Selective serotonin reupate inhibitors (SSRIs) are the most common category of drug for PMDD, mostly because they have the fewest number of side effects. They work by slowing the way serotonin is used, allowing it to stay in the brian longer. This allows for better mood regulation.

Your teen’s doctor may try other antidepressants if SSRIs don’t work. Even though PMDD is not caused by abnormal hormones, the use of birth control sometimes interrupts the signals that trigger PMDD. Birth control and other estrogen-based therapies cause more side effects, including weight gain and additional mood disorders, so they are not as commonly used.

Teen Premenstrual Dysphoric Disorder Treatment at Paradigm San Francisco

It is critical for a teen with PMDD to receive a proper diagnosis as soon as possible, whether the condition stands alone or with a co-occurring disorder. Teens who only have PMDD often do well with continued outpatient therapy and medication use after their initial treatment program. Those with co-occurring disorders need a more comprehensive treatment plan. Our goal at Paradigm San Francisco is to better understand the full picture.

Taking a Holistic Approach

Everyone at Paradigm San Francisco places great emphasis on ensuring teens are properly diagnosed. Our process seems extensive, but it ensures each teen’s overall physical, mental, and emotional needs are considered. While PMDD can occur in early adolescence, it is more common in older teens and those closer to the age of 20. Teens diagnosed with PMDD need to be monitored for changes in their symptoms, as they commonly evolve. We work hard to make sure every teen has a complete, individualized treatment plan that supports overall wellness.

Life After Treatment

Teens in our program spend a lot of time educating themselves about the relationships between their physical and mental health. This knowledge gives them the tools they need to help themselves during and after their program. We also work closely with families so everyone better understands PMDD and its unique challenges, including anxiety, fatigue, physical pain, and unhealthy thought processes.

Paradigm Malibu is an exceptional program with an incredible staff. They have goals and strategies and a process to help the kids to overcome their struggles. I highly recommend!

– Kenan K.

Frequently Asked Questions About Teen Premenstrual Dysphoric Disorder

How do I know if my daughter has Premenstrual Dysphoric Disorder?

It can be difficult to diagnose PMDD without professional intervention. This is because PMDD symptoms mimic quite a number of other disorders, including PMS, chronic fatigue, depression, and anxiety. Keep a list or journal of your teen’s symptoms so you can discuss them with their doctor.

Your daughter should be journaling their symptoms as they perceive them as well.
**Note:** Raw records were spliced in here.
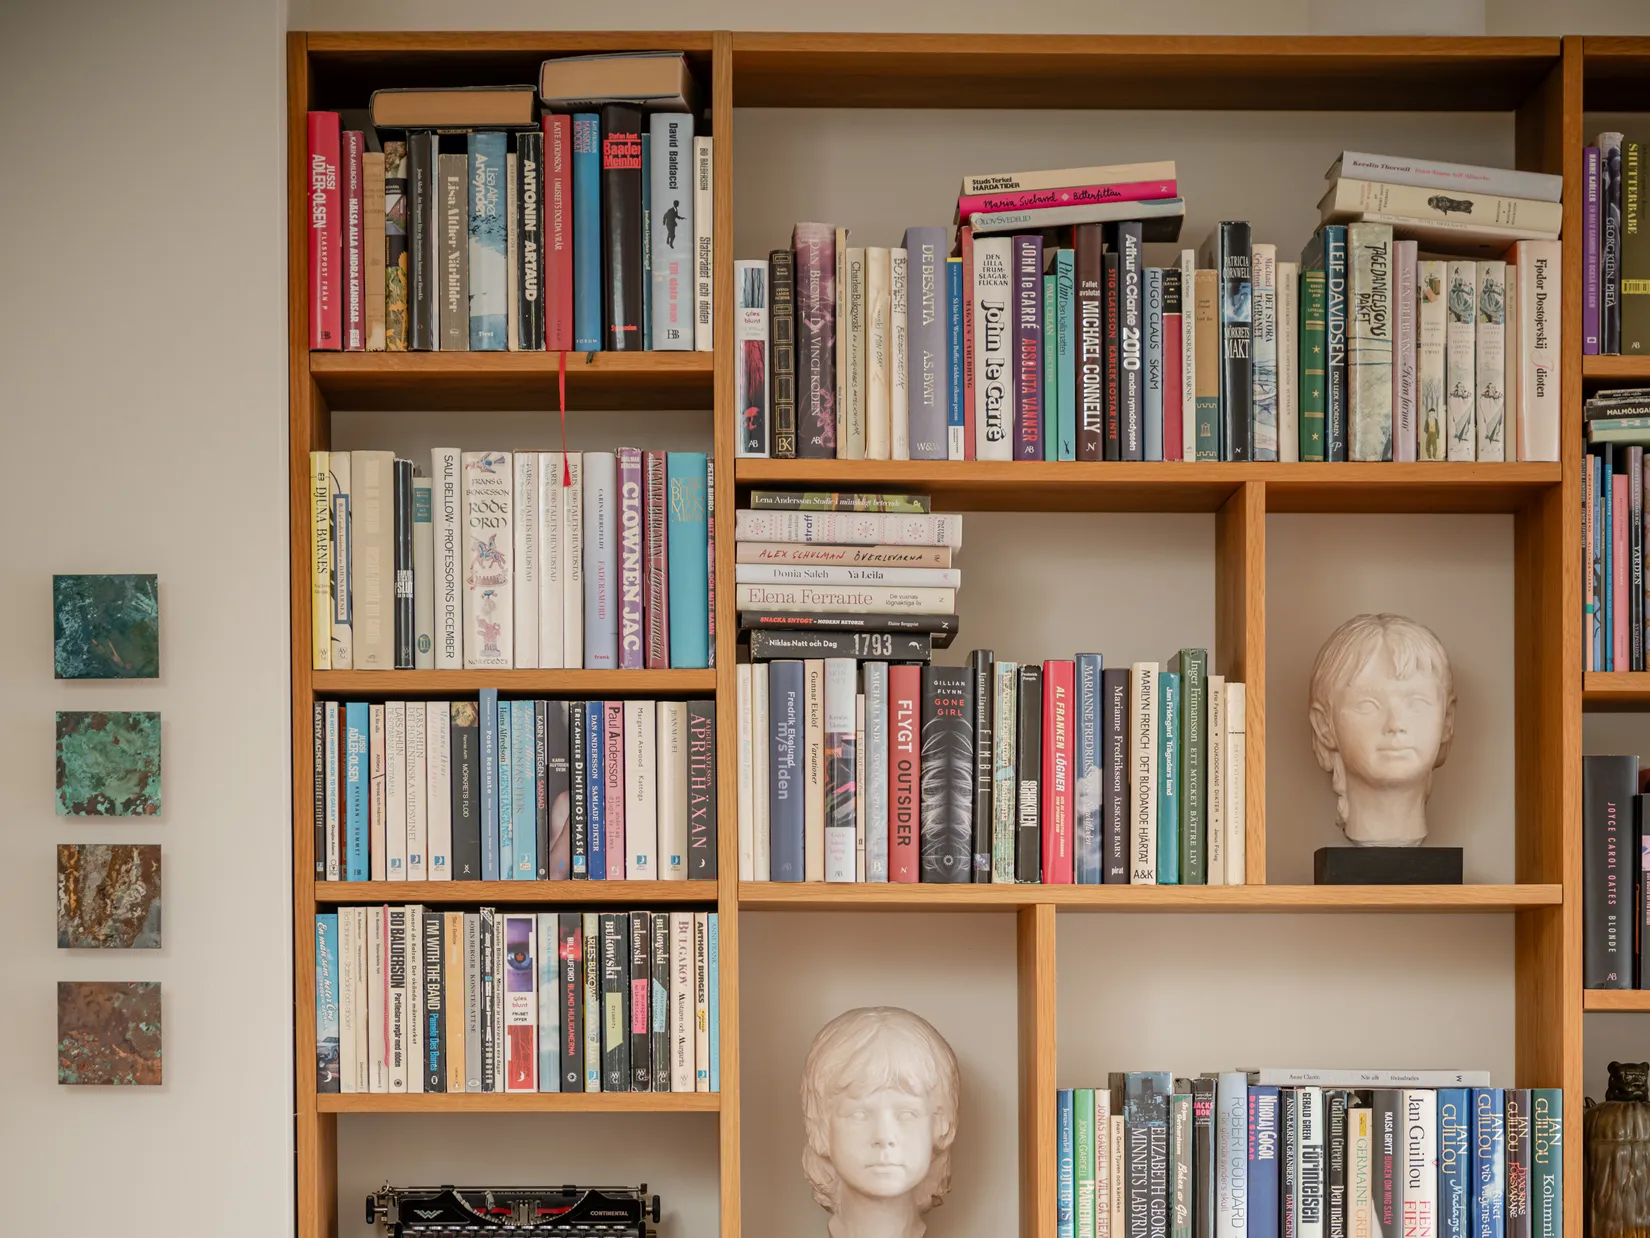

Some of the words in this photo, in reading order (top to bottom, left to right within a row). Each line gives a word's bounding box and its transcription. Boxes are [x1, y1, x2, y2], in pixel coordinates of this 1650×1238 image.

[668, 122, 678, 147] David
[326, 164, 335, 189] JUSSI
[668, 151, 678, 190] Baldacci
[1627, 143, 1637, 234] SHUTTERBABE
[312, 154, 326, 228] ADLER-OLSEN
[448, 176, 459, 204] Lisa
[524, 160, 536, 231] ANTONIN
[448, 205, 460, 247] Alther
[1606, 217, 1615, 252] GEORG
[525, 240, 536, 301] ARTAUD
[922, 244, 933, 263] DE
[1022, 242, 1035, 272] JOHN
[1330, 242, 1343, 272] LEIF
[1607, 254, 1615, 278] KLEIN
[448, 250, 460, 312] Närbilder
[1022, 277, 1035, 288] le
[1150, 271, 1159, 309] HUGO
[1535, 259, 1547, 290] Fjodor
[922, 265, 934, 325] BESATTA
[1022, 291, 1039, 329] CARRÉ
[1606, 284, 1616, 307] PIETÀ
[1082, 301, 1099, 361] MICHAEL
[1150, 312, 1159, 349] CLAUS
[1330, 279, 1344, 366] DAVIDSEN
[1535, 293, 1547, 349] Dostojevskij
[923, 351, 933, 371] A.S.
[1022, 338, 1037, 393] ABSOLUTA
[1123, 327, 1139, 370] 2010
[924, 373, 934, 406] BYATT
[1150, 359, 1159, 389] SKAM
[1083, 364, 1100, 433] CONNELLY
[1022, 397, 1038, 441] VÄNNER
[444, 455, 453, 480] SAUL
[445, 483, 453, 523] BELLOW
[622, 482, 639, 602] CLOWNEN
[759, 550, 787, 558] ALEX
[792, 550, 846, 559] SCHULMAN
[854, 551, 922, 562] ÖVERLEVARNA
[445, 529, 453, 602] PROFESSORNS
[748, 588, 795, 603] Elena
[801, 590, 873, 604] Ferrante
[445, 605, 454, 658] DECEMBER
[622, 607, 639, 651] JAC
[853, 633, 892, 656] 1793
[935, 698, 964, 706] GONE
[1140, 670, 1150, 711] MARILYN
[608, 707, 620, 728] Paul
[898, 700, 912, 752] FLYGT
[1140, 713, 1150, 749] FRENCH
[609, 732, 620, 788] Andersson
[1140, 756, 1149, 773] DET
[691, 713, 708, 848] APRILHÄXAN
[898, 760, 911, 846] OUTSIDER
[1139, 776, 1151, 825] BLÖDANDE
[1608, 802, 1616, 832] JOYCE
[1139, 827, 1150, 864] HJÄRTAT
[1608, 838, 1616, 868] CAROL
[1608, 875, 1616, 904] OATES
[390, 912, 404, 927] BO
[427, 920, 438, 932] I'M
[1608, 916, 1617, 952] BLONDE
[391, 928, 405, 988] BALDERSON
[427, 934, 439, 962] WITH
[427, 964, 439, 981] THE
[428, 983, 440, 1009] BAND
[1408, 1096, 1424, 1122] Jan
[1535, 1098, 1548, 1163] GUILLOU
[1549, 1118, 1561, 1145] JAN
[1132, 1128, 1147, 1185] MINNETS
[1151, 1127, 1165, 1195] ELIZABETH
[1409, 1125, 1425, 1188] Guillou
She should note when they start, what feels “off,” what feels different than normal, and how bad they feel the symptoms are. Note any medications your daughter takes, what age they were when their period started, and any other medical history they have.

I’m feeling better. Can I stop going to therapy?

We don’t recommend you stop going to therapy. As a matter of fact, teens who feel better should continue going to therapy despite their progress. Your therapist can help you to make the most of the progress you’ve made, which will make it easier for you to manage your PMDD symptoms if they come back. It is common for PMDD symptoms to return more severely if left untreated.

The same is true for medication. Talk to your doctor before attempting to stop any medications you are taking to control your PMDD, especially antidepressants. If it is truly safe for you to stop taking your meds, your doctor will help you to taper off without withdrawal symptoms.